YOUR TASK
With the pictures removed, the data below must be transcribed in full and exactly.

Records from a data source
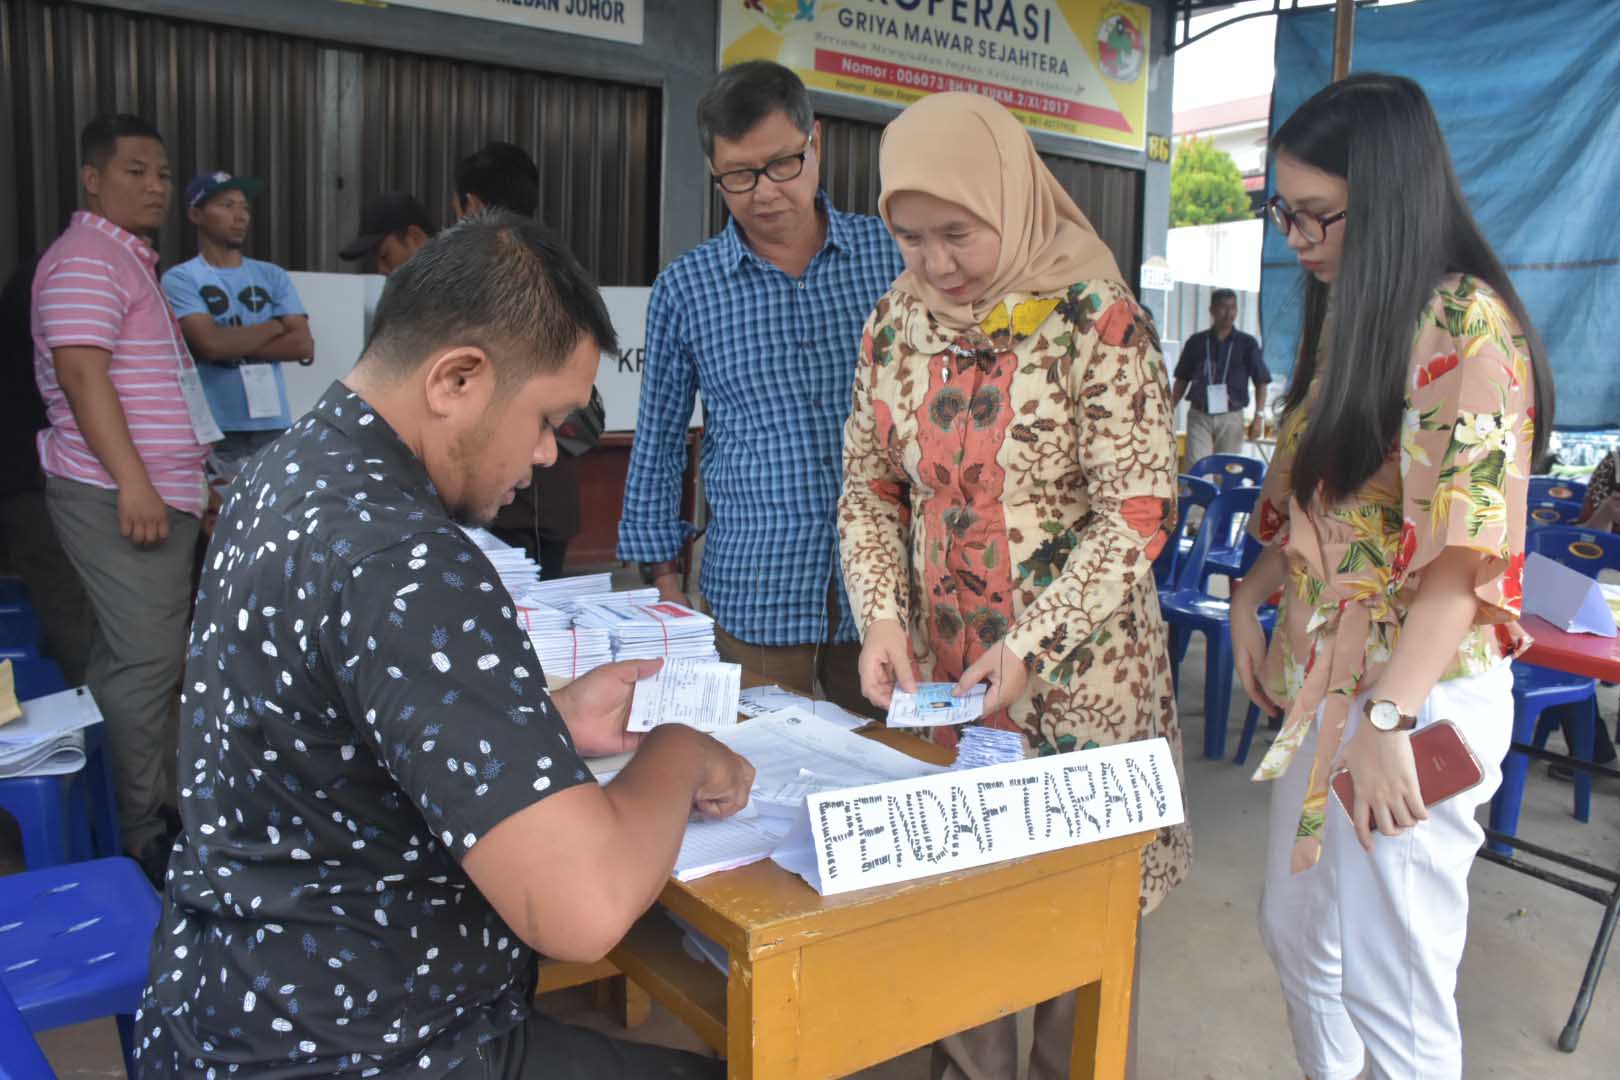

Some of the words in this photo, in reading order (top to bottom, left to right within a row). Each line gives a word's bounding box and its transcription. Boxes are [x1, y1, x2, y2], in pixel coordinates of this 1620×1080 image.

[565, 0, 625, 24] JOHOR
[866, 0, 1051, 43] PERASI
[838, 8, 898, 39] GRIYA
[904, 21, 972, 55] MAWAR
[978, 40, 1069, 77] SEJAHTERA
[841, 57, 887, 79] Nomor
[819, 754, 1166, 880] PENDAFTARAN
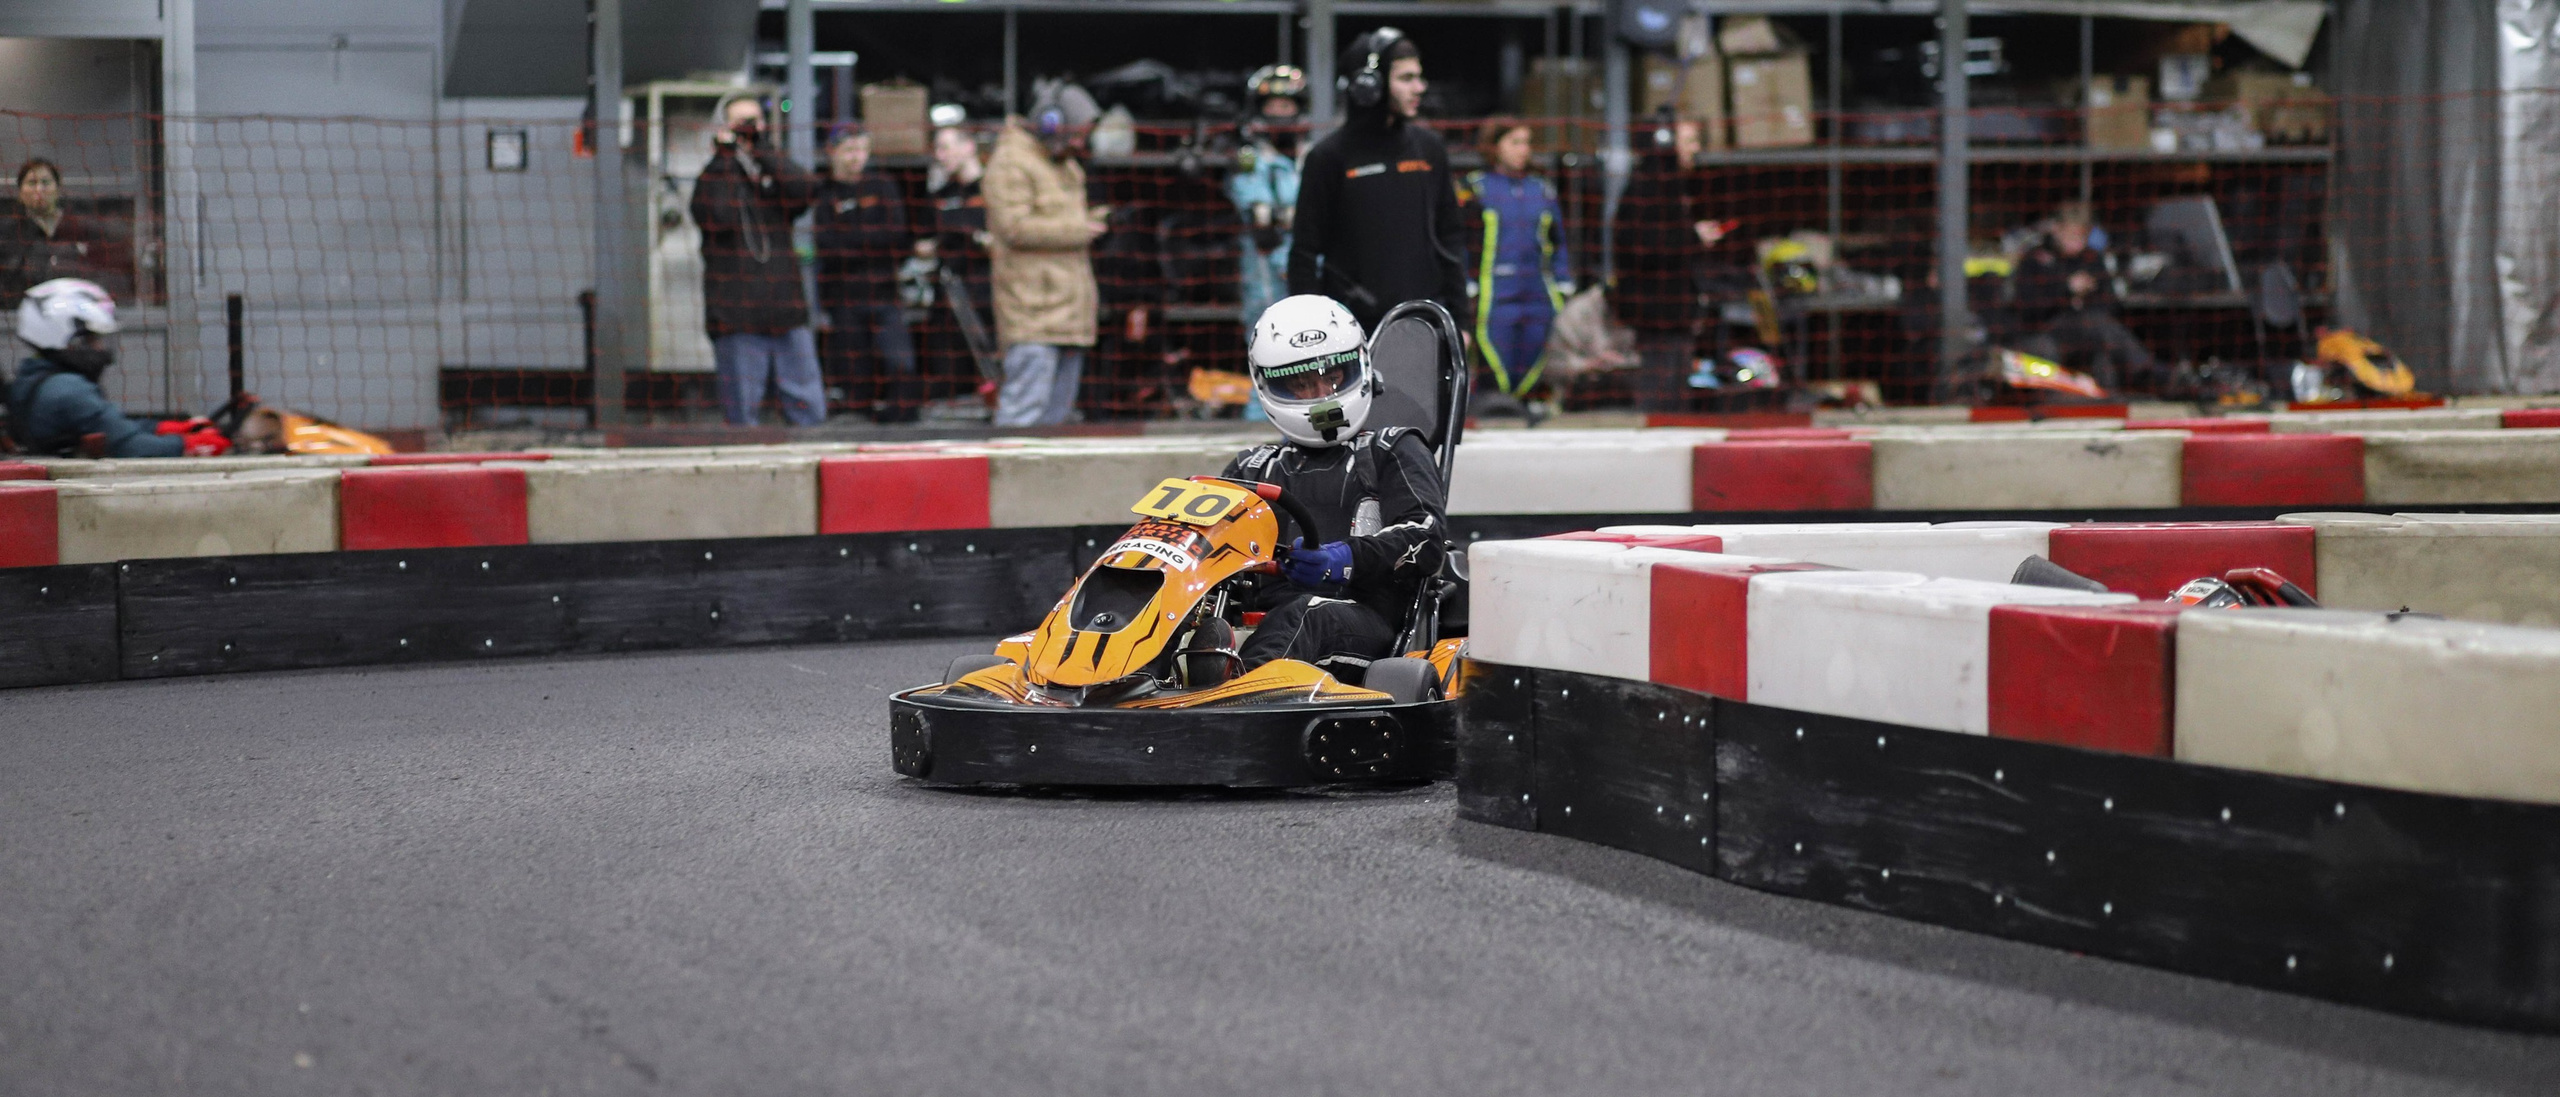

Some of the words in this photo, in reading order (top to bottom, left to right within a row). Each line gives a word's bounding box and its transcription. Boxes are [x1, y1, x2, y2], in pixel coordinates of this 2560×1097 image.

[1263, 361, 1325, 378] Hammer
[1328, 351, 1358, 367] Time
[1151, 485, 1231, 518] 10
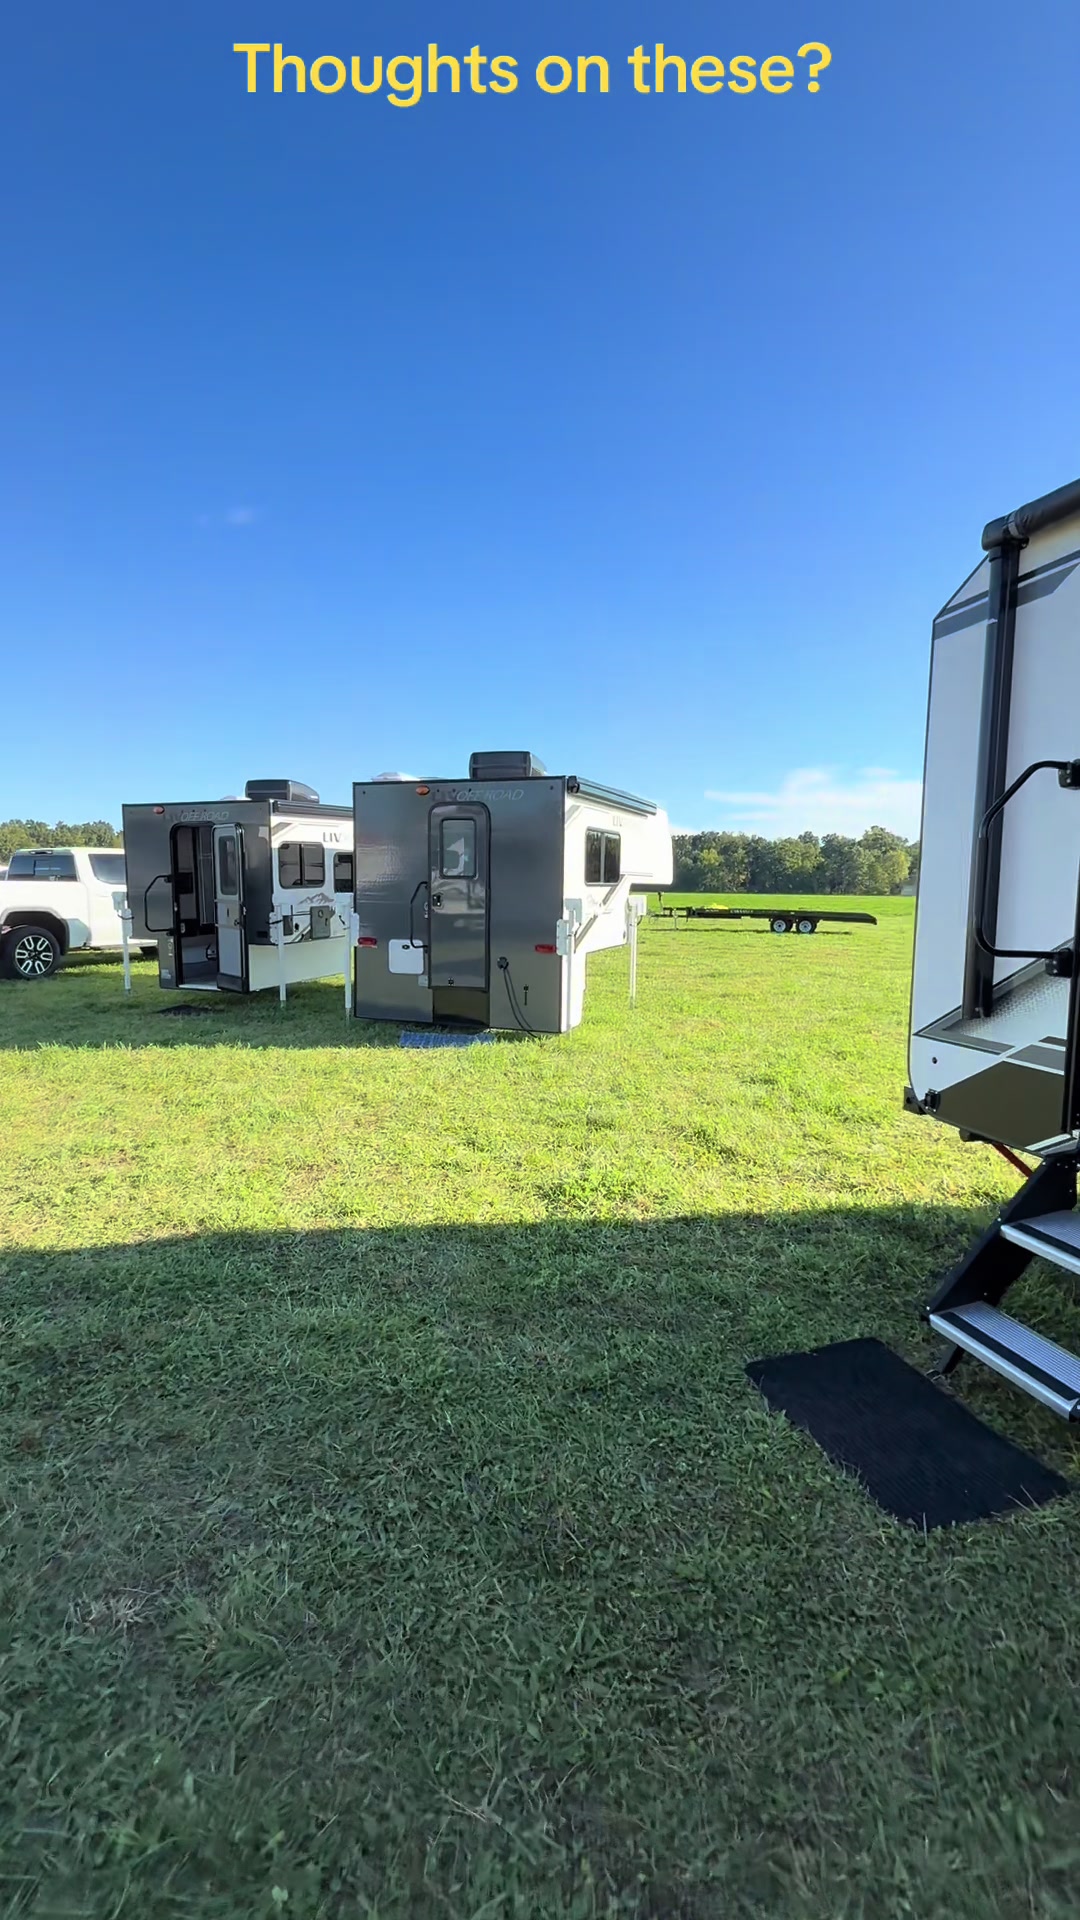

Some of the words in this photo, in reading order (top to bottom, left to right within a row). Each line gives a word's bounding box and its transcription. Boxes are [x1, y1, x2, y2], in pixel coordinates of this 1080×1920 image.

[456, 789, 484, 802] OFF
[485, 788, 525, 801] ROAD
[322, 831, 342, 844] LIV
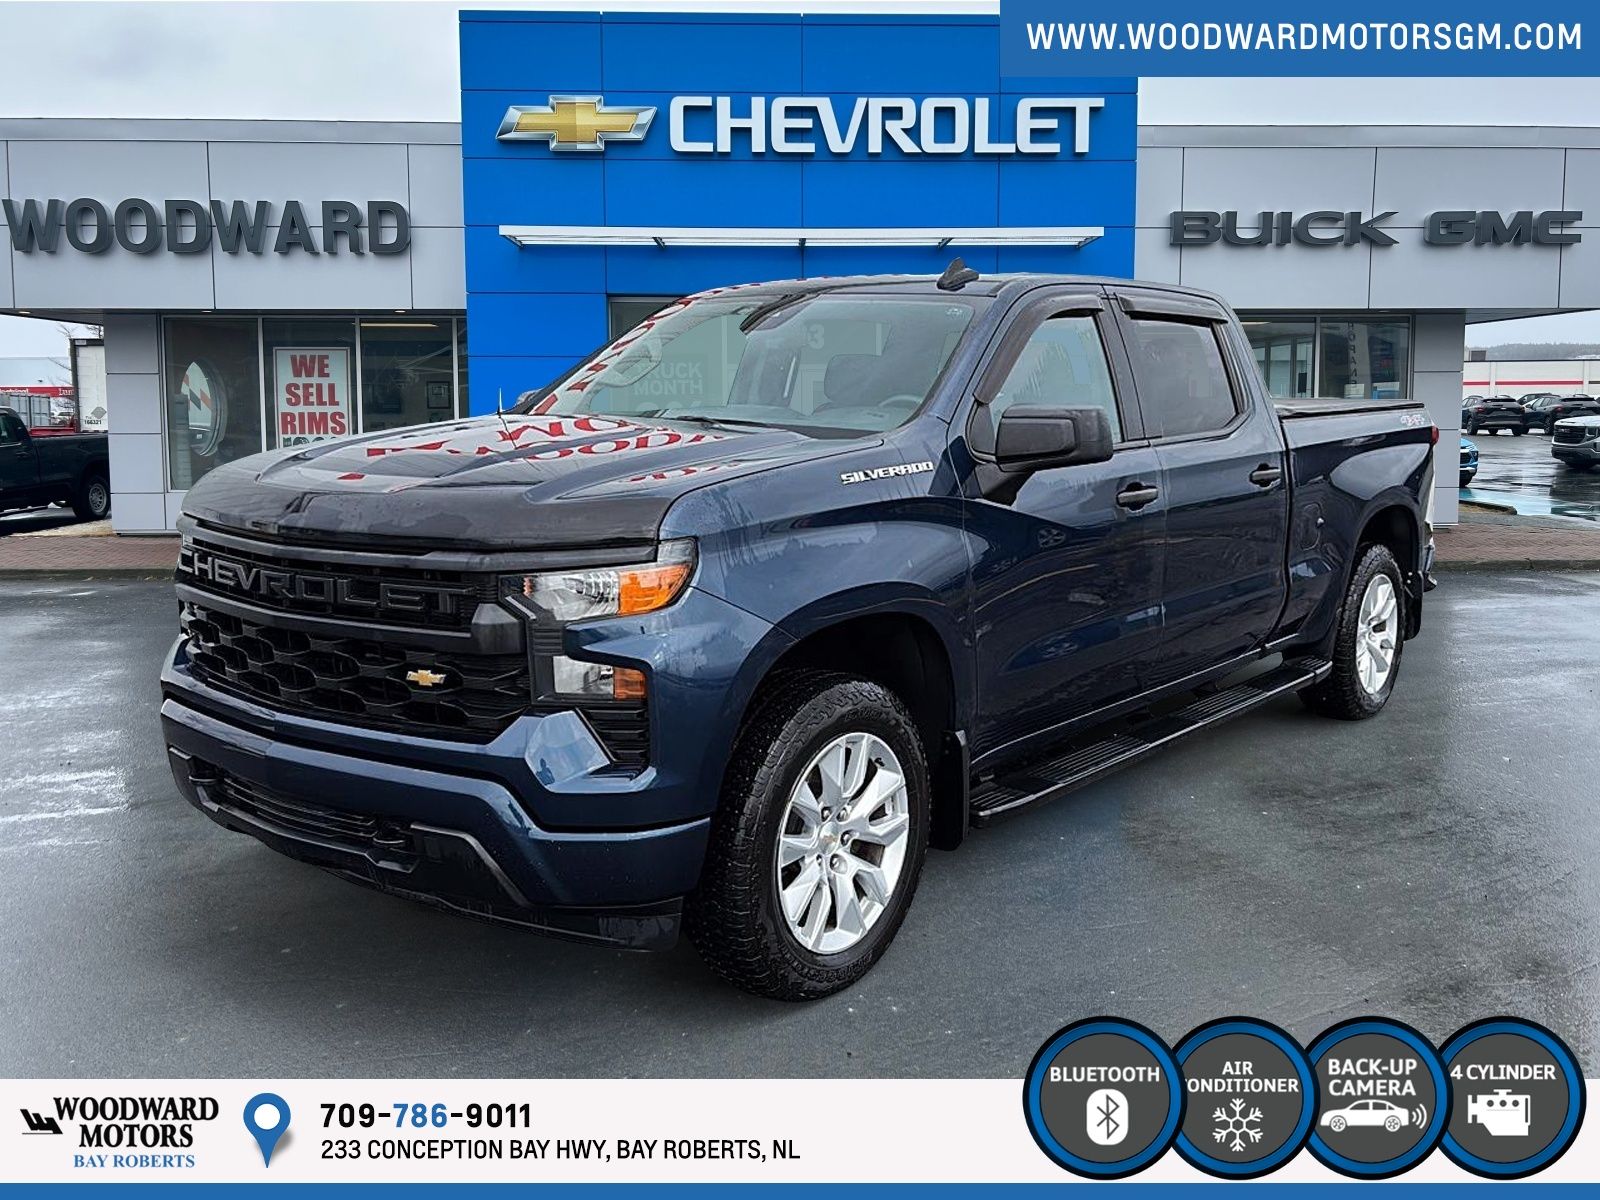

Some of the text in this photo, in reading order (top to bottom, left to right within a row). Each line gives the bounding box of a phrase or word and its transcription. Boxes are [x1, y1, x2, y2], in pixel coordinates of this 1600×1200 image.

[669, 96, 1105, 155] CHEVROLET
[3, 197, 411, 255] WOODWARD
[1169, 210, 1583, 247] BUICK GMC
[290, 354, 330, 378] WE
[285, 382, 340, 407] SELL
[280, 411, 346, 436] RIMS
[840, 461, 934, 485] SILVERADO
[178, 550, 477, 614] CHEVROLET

EXERCISE RESULT
Some of the words in this photo, in reading order (top to bottom, left to right within a row). Each line gives a word's bounding box and its transcription. Boxes are [x1, y1, x2, y2], in pixel coordinates of this 1620×1080 image.

[565, 0, 625, 24] JOHOR
[866, 0, 1051, 43] PERASI
[838, 8, 898, 39] GRIYA
[904, 21, 972, 55] MAWAR
[978, 40, 1069, 77] SEJAHTERA
[841, 57, 887, 79] Nomor
[819, 754, 1166, 880] PENDAFTARAN

Some of the words in this photo, in reading order (top to bottom, left to right within a row). Each line gives a word's bounding box and its transcription. Boxes are [x1, y1, x2, y2], in pixel coordinates of this 2560×1097 image.

[1263, 361, 1325, 378] Hammer
[1328, 351, 1358, 367] Time
[1151, 485, 1231, 518] 10

Some of the words in this photo, in reading order (top to bottom, left to right within a row). Each line gives a word's bounding box and its transcription. Boxes are [x1, y1, x2, y2], in pixel coordinates of this 1080×1920 image.

[456, 789, 484, 802] OFF
[485, 788, 525, 801] ROAD
[322, 831, 342, 844] LIV

Some of the text in this photo, in reading order (top to bottom, left to right within a row). Each line gives the bounding box of a phrase or word and its transcription. Boxes are [x1, y1, x2, y2], in pixel coordinates of this 1600×1200 image.

[669, 96, 1105, 155] CHEVROLET
[3, 197, 411, 255] WOODWARD
[1169, 210, 1583, 247] BUICK GMC
[290, 354, 330, 378] WE
[285, 382, 340, 407] SELL
[280, 411, 346, 436] RIMS
[840, 461, 934, 485] SILVERADO
[178, 550, 477, 614] CHEVROLET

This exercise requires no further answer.